Name of the project

Capacity Building Project in the Mining Sector (PRECASEM)

Project Code


IDA Credit Number


Implementation unit

Project Coordination Unit (PCU)

Date of signature of the Financing Agreement

June 28, 2012

Effective date

September 26, 2012

Closing Date

June 30, 2017

Amount of USD Credit



Cameroon has a strong geological potential for a number of minerals; well managed, this potential could contribute to the country’s economic growth. Cameroon has large deposits of iron ore, bauxite, diamonds, limestone, rutile and cobalt nickel. However, despite the existence of these ores, mining does not yet play a major role in the development of Cameroon, and the mining sector remains marginalized in the economy.
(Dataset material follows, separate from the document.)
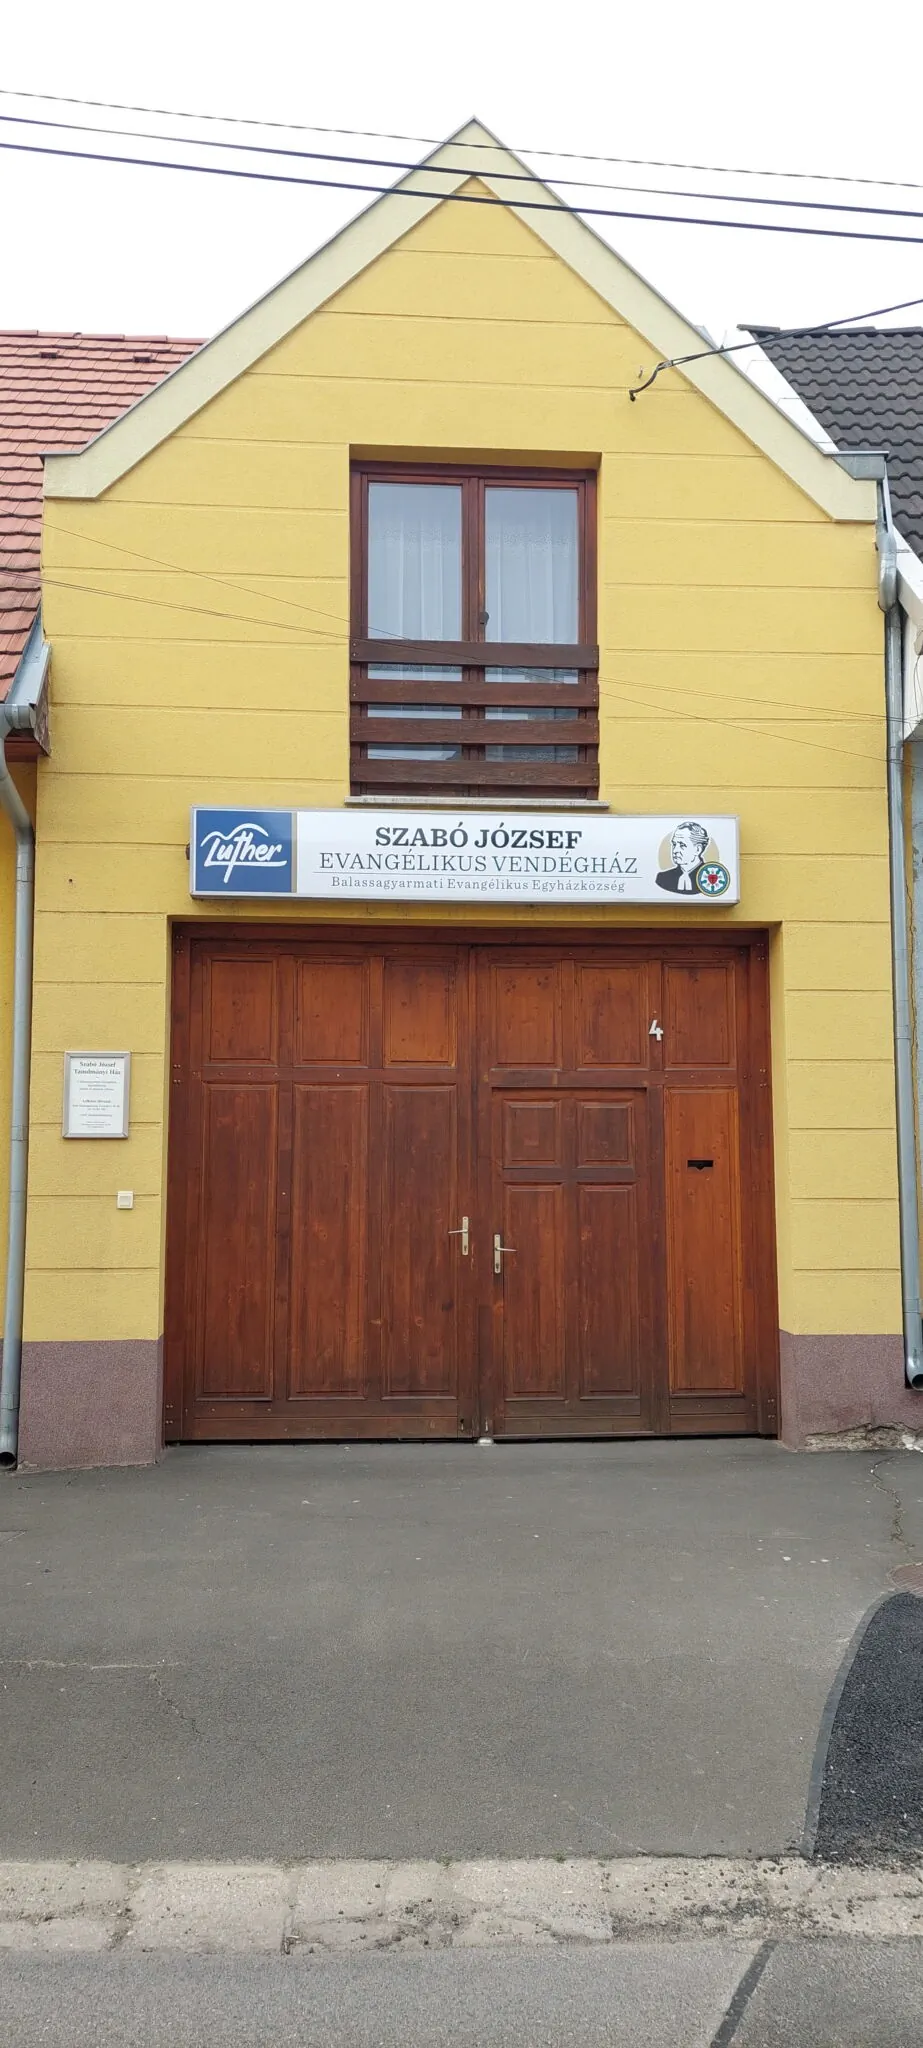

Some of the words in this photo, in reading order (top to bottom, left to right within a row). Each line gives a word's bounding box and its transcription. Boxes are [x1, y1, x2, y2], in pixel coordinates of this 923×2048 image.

At the mining level, a number of projects are now at an advanced stage of work: the Mbalam iron project operated by CamIron, the Nkamoun nickel-cobalt project near Lomié, owned by Geovic, the bauxite project the Adamaoua (at Minim-Martap and Ngaoundal) operated by Cameroon Alumina) and the Mobilon diamond project near the border with the Central African Republic developed by Cameroon & Korean Mining).

Of all these projects, only two have already benefited from mining licenses (nickel / cobalt in 2003 and diamond in 2011), although the operation itself has not yet started on the ground. Cam Iron has just signed a mining agreement with the government and the operating license will only be issued when certain conditions have been met.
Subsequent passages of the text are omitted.